Gazetelerde vermiş oldukları beyanlar ile millet ittifakını terör ile ilişkilendirmeye çalışanlar öncelikle Ülkü ocakları genel başkanlığı yapmış 2 çocuk babası vatanperver bir akademisyeni, tetikçilere, torbacılara neden infaz ettirdiklerini açıklayacaklar. Sinan Ateş'in kanının hesabını vermeden bizlerin vatanperverliğini sorgulayamaz ve ahkam kesemezler.
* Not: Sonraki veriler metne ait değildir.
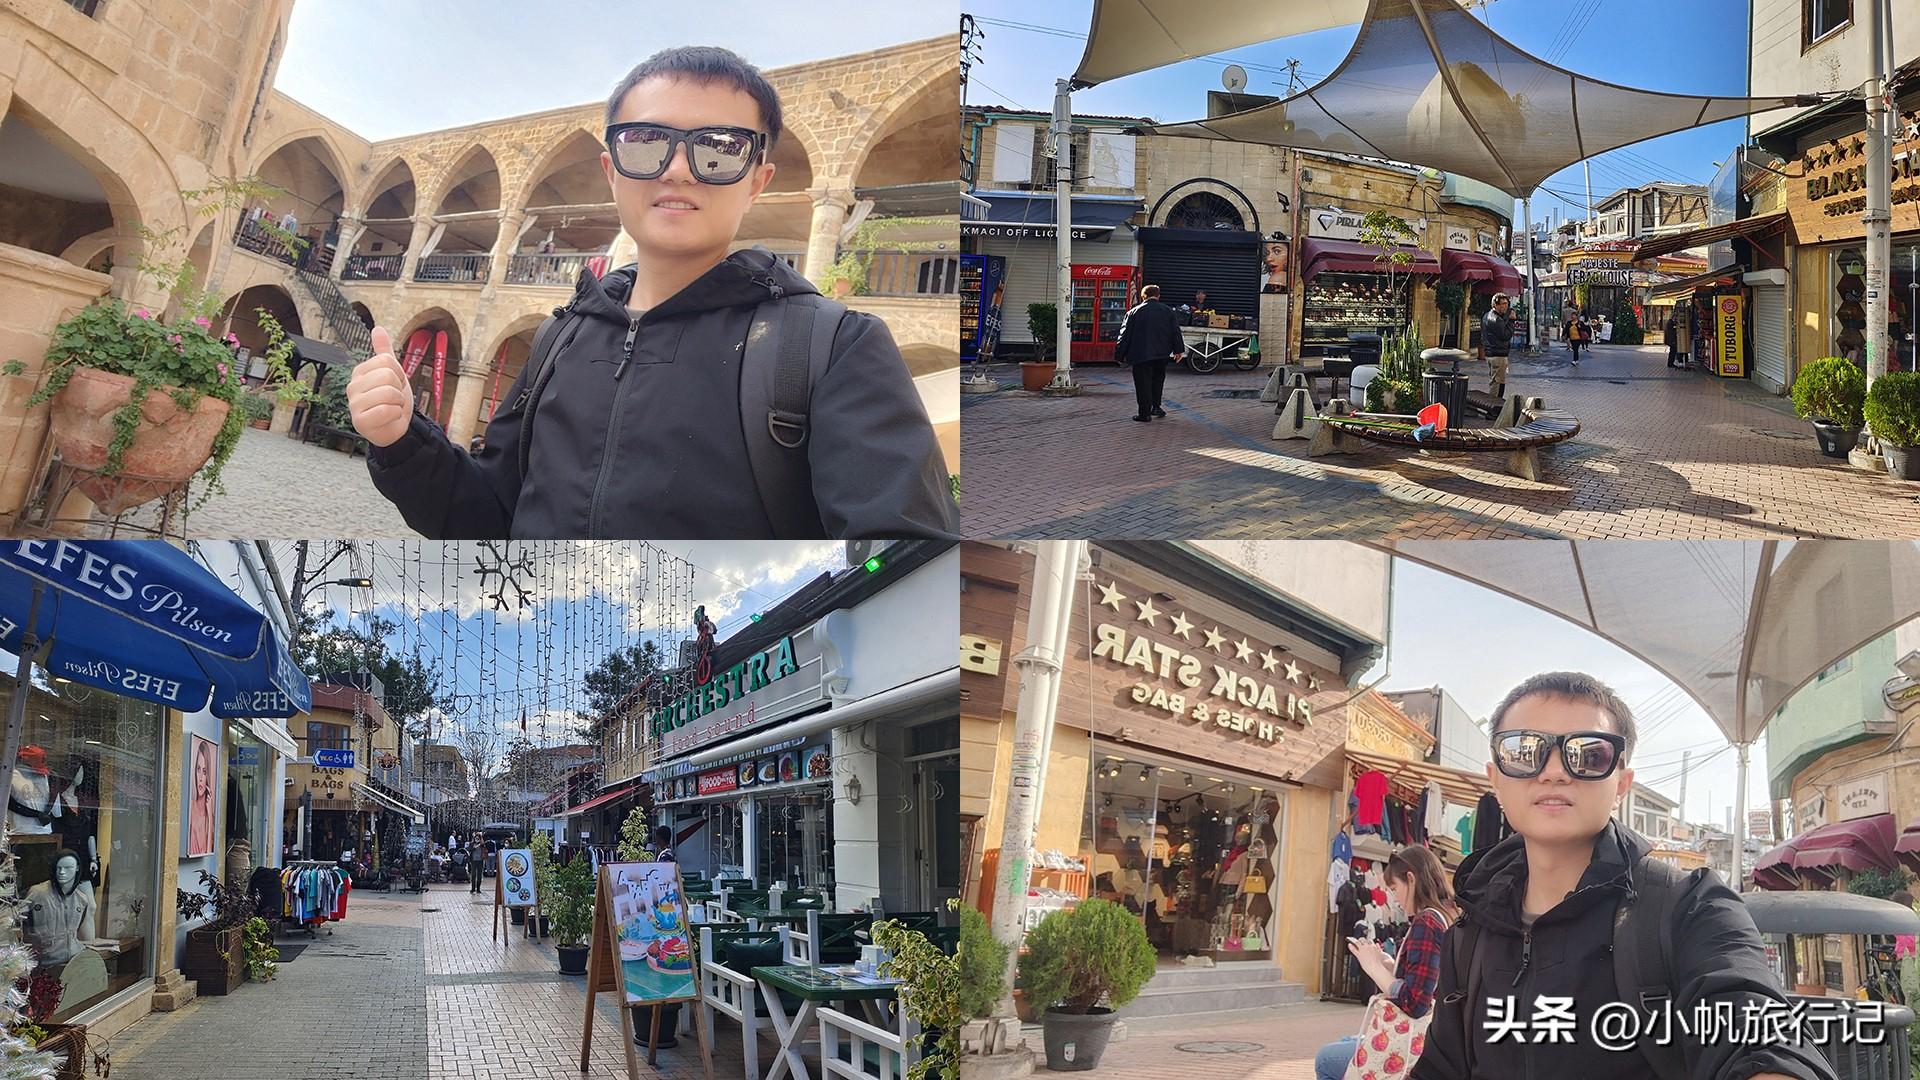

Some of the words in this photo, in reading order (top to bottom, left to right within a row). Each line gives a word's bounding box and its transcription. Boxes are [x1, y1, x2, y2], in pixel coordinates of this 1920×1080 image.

[960, 226, 1000, 236] KMACI
[1006, 228, 1029, 236] OFF
[1035, 230, 1087, 239] LICCE
[1580, 258, 1618, 268] MAJESTE
[985, 314, 1002, 331] EFES
[1724, 316, 1736, 361] TUBORG
[14, 540, 139, 602] EFES
[139, 584, 233, 644] Pilsen
[706, 701, 757, 739] sound
[312, 766, 345, 775] BAGS
[311, 780, 344, 789] BAGS
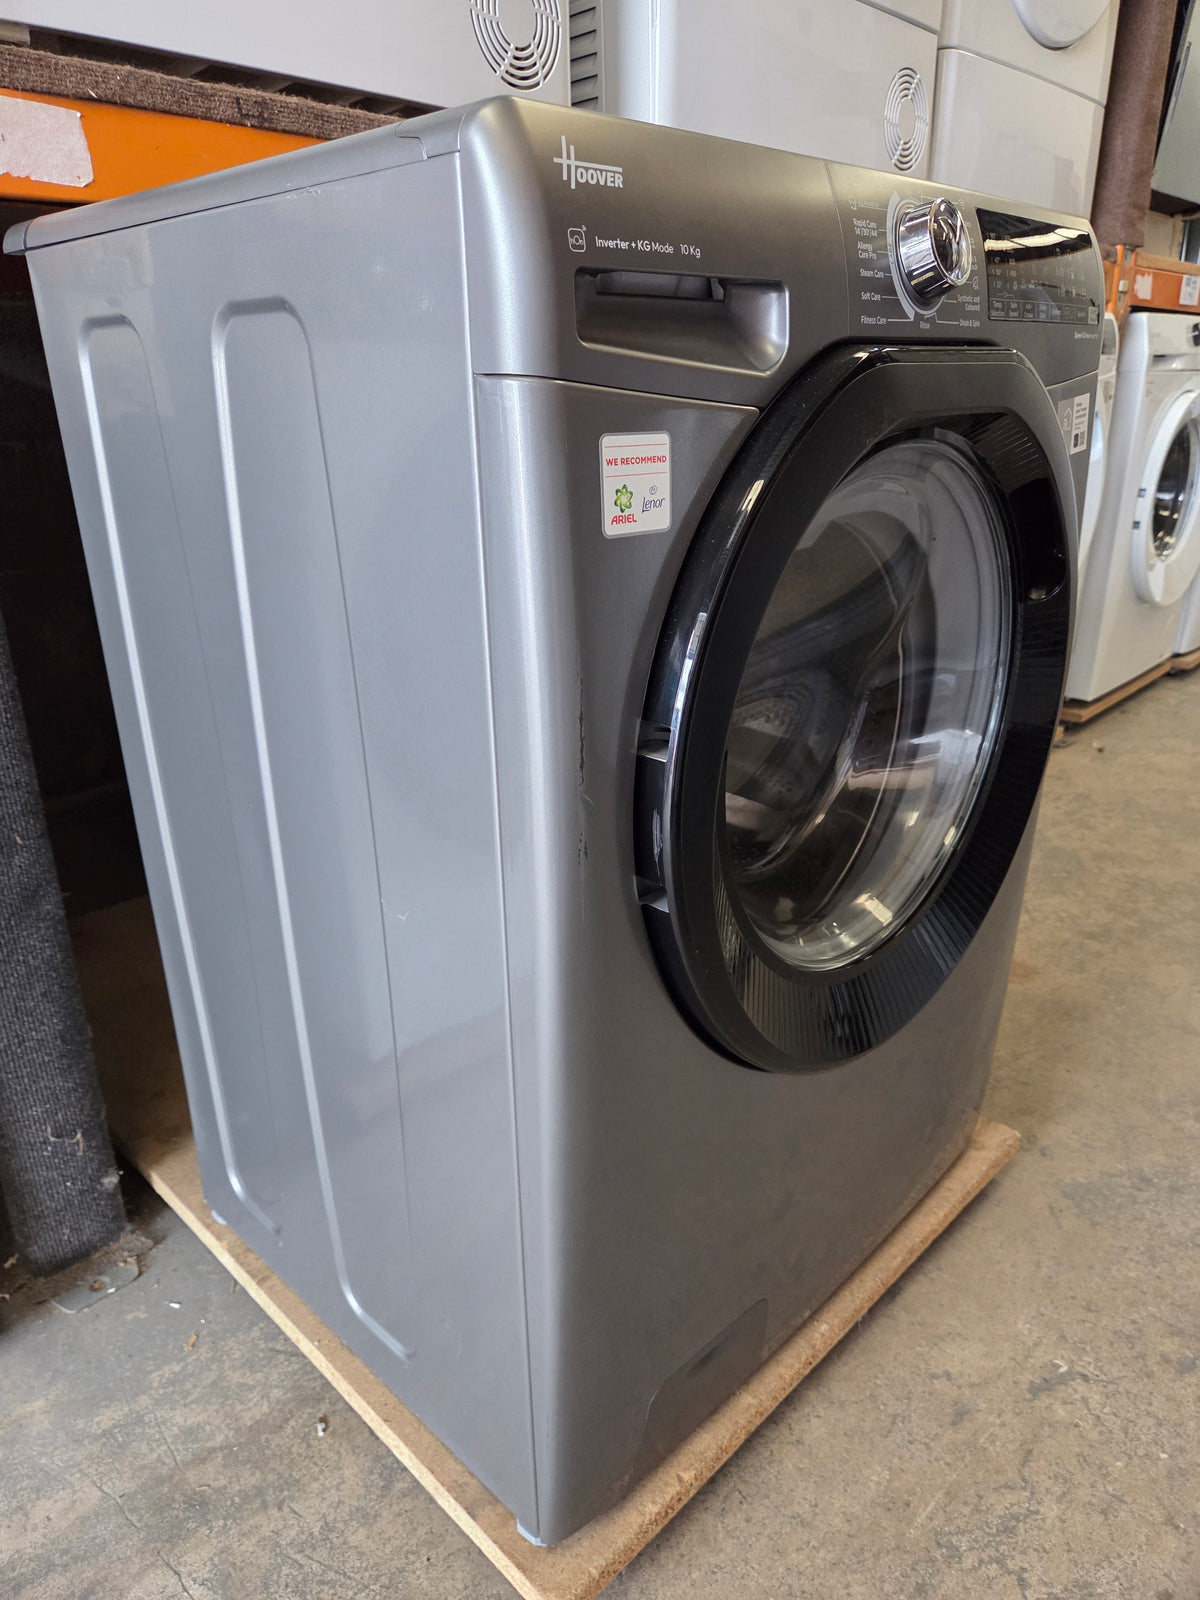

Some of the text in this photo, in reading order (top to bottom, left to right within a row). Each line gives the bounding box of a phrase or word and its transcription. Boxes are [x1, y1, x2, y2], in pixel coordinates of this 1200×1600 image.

[553, 135, 623, 190] HOOVER
[595, 236, 629, 250] Inverter
[637, 240, 650, 252] KG
[652, 242, 674, 254] Mode
[680, 244, 689, 255] 10
[690, 246, 701, 259] Kg
[860, 268, 884, 278] Steam Care
[861, 291, 881, 301] Soft Care
[876, 316, 887, 325] Care
[605, 455, 667, 466] WE RECOMMEND
[642, 497, 665, 513] Lenor
[611, 514, 637, 525] ARIEL
Önce Aslan yürekli bir ülkücünün katlinin emrini verenler, ellerindeki kanı temizleyecek sonra konuşacaklar.
Bizler , 'andımız' ile büyüyen, 'Ne Mutlu Türküm Diyene' söyleminden gurur duyan , 'Bir Türk Dünyaya Bedeldir ' şiarını benimseyen ve her platformda bu söylemleri dile getirmekten onur duyan, tehdit, şantaj ve iftiralara kulak asmadan yolumuza devam eden cesurlar hareketinin neferleriyiz.
Biz İYİ ve cesur yürekliler olduğu sürece vatanın bölünmez bütünlüğünü, bayrağın hiç bir şekilde inmeyeceğini ve bunlara yeltenenlere de canımız pahasına da olsa hiç bir şekilde müsade edilmeyeceği bilinmelidir.
Son cümle olarak Tüm hemşerilerime, Dadaşlara ve Ülküdaşlarıma diyorum ki; Mevcut iktidar ellerinden geldiği sürece provakasyon yapmaya devam edecekler, bizler sağ duyulu davranarak bu demokrasi, adalet yoksunu münasebetsizlere uymayacağız.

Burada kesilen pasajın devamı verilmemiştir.